Вы спросите, откуда я черпаю идеи? На этот вопрос я могу ответить точно. Они приходят незваными, то внезапно, то исподволь. Я могу схватить их руками. Они возникают в лесу, на прогулке, в ночной тиши, рано поутру. Выраженные в звуках, идеи обступают меня со всех сторон, набрасываются, звенят, клокочут, пока, наконец, не найдут свое закрепление в нотах».
Ласково пестуя талантливую молодежь, он был резок и безжалостно прям с бездарностью, подобно, назойливой мошкаре, сонмами слетающейся на яркий огонь искусства.
Когда к нему зачастил некий хлыщ, развязный и самовлюбленный, Бетховен, внимательно просмотрев его сочинения, мрачно усмехнулся и сказал:
– Да, молодой человек, вам придется еще долго писать, прежде чем вы поймете, что вам писать не следует…
Он был прост и доступен. И люди не в меру пользовались этим. И чаще всего во вред ему. Посетители неиссякаемым потоком стремились к его квартире. Тут были и музыканты, пришедшие за советом; и издатели, явившиеся вынюхать, нет ли нового сочинения, сулящего доход; и бедняки, рассчитывающие на его помощь (его готовность пожертвовать последним ради ближнего была общеизвестна); и праздные зеваки, которые одолевают знаменитостей, надоедая пустой и бесплодной болтовней.

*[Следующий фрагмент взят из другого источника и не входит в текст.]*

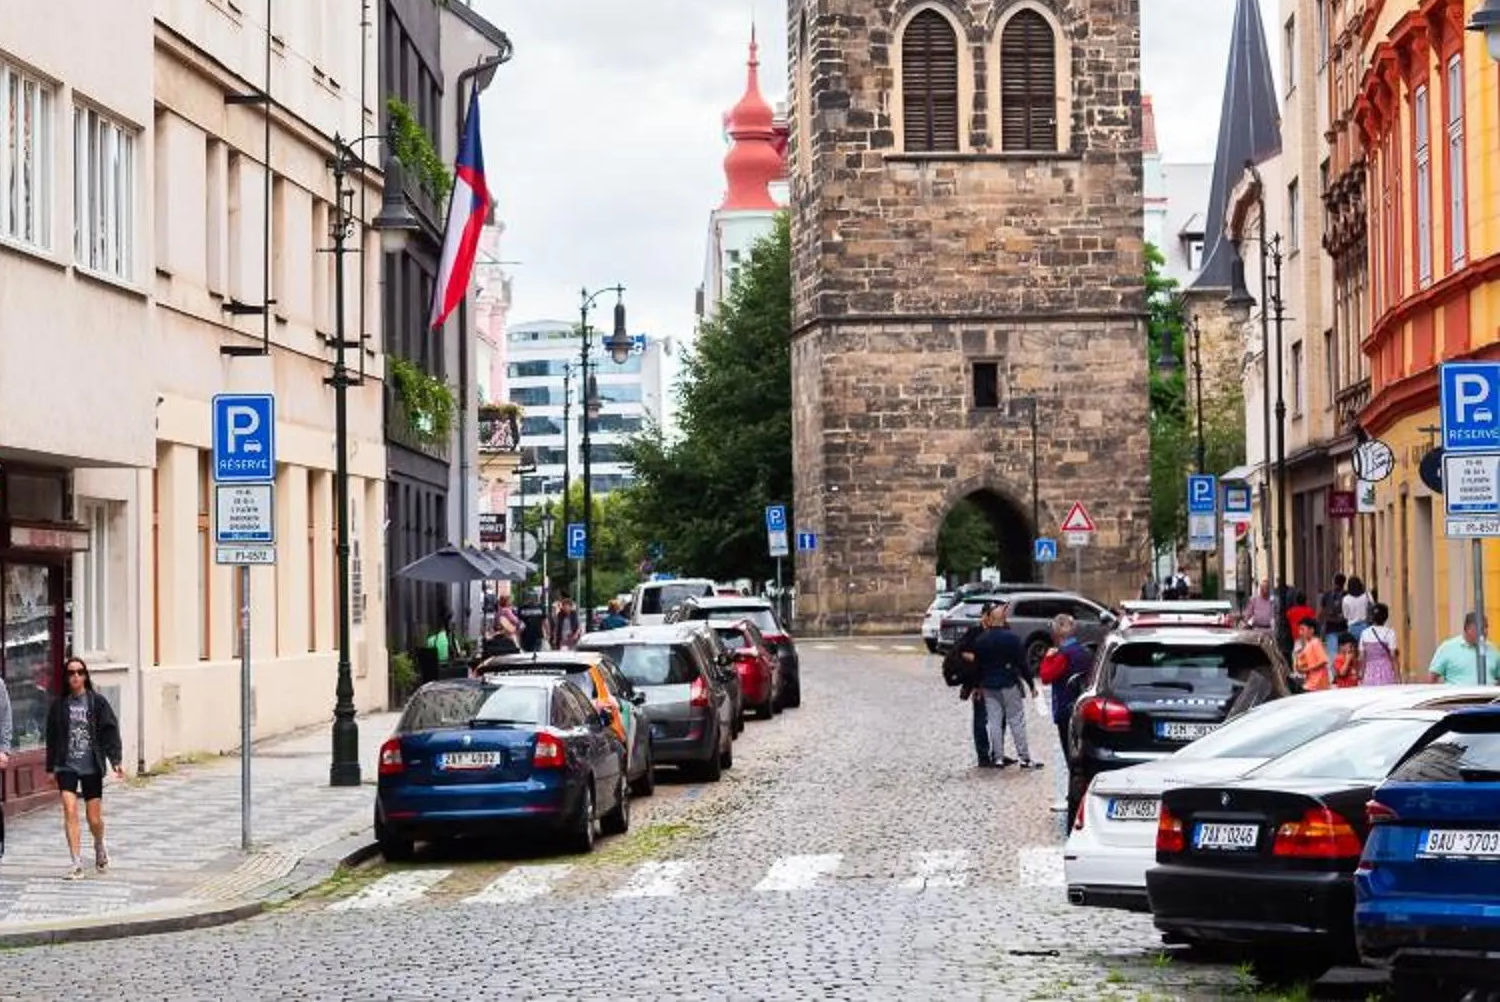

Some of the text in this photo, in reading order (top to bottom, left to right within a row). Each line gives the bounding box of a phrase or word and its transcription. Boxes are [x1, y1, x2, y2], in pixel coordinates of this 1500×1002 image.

Все они отрывали от работы, мешали сосредоточиться, выводили из себя. Чтобы отделаться от докучных, нужен был специальный человек, секретарь.
И такой человек нашелся. Случай свел Бетховена с ним.
Как-то ранним весенним утром, когда он сидел за письменным столом, погрузившись в рукопись, и комнату осторожно, на носках, вошел человек. Выглядел он странно. Высокий, тощий и прямой, он, казалось, проглотил жердь и сам стал похож на нее.
Он стоял в золотистом столбе пыли, пляшущей под лучом солнца, и оттого его черный сюртук выглядел намного чернее, чем был на самом деле, а неподвижное бледное лицо с выражением кислой горести и тоски казалось мертвенно-желтым. Мертво поблескивали и очки, скрывая бесстрастные глаза, столь же скучные и невыразительные, как весь этот странный человек, от которого на всю комнату разило тоской и унынием.
Бетховен продолжал работать. Посетитель кашлянул, произнес несколько фраз извинения. Голос у него был скрипучий, с сильным носовым оттенком. Даже когда он повысил его, голос остался таким же безжизненным и тягучим.
Бетховен, по-прежнему не подымал головы.
Посетитель потопал ногами и направился было к выходу. Но тут появился слуга, подошел к Бетховену и слегка похлопал хозяина по плечу деревянным аршином, который держал в руке.
В то время слугой Бетховена был портной. Пока Хозяин работал в кабинете, слуга портняжил в прихожей. Тот, кто впервые попадал к Бетховену, в замешательстве останавливался в дверях. Так неожиданно и нелепо выглядели манекены, сметанные на живую нитку фраки и сюртуки, выкройки и обрезки сукна в квартире композитора. И все же этот портной был лучшим из слуг, во множестве перебывавших у Бетховена. Он хоть крал в меру и в перерывах между шитьем вспоминал о хозяине и заботился о нем.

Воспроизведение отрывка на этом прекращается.